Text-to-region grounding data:
-------

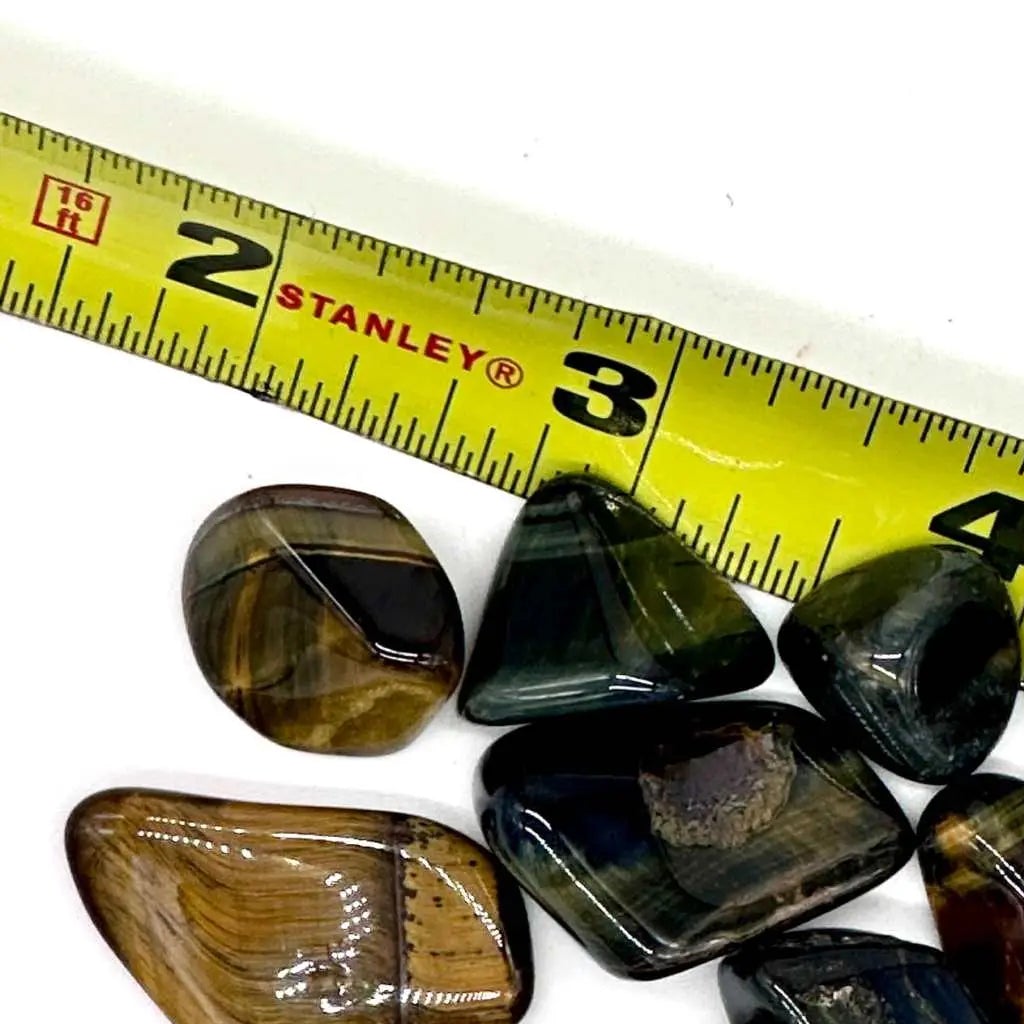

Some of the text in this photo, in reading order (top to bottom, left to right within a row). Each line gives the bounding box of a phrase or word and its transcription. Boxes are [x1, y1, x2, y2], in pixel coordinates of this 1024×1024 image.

[56, 183, 94, 212] 16
[56, 206, 83, 238] ft
[165, 221, 274, 308] 2
[551, 350, 658, 437] 3

-------

Give back each entry verbatim but drop its pictures.

Some of the text in this photo, in reading order (top to bottom, left to right within a row). Each line gives the bounding box of a phrase or word and its transcription. Boxes are [x1, y1, x2, y2], in pixel coordinates of this 1024×1024 image.

[56, 183, 94, 212] 16
[56, 206, 83, 238] ft
[165, 221, 274, 308] 2
[551, 350, 658, 437] 3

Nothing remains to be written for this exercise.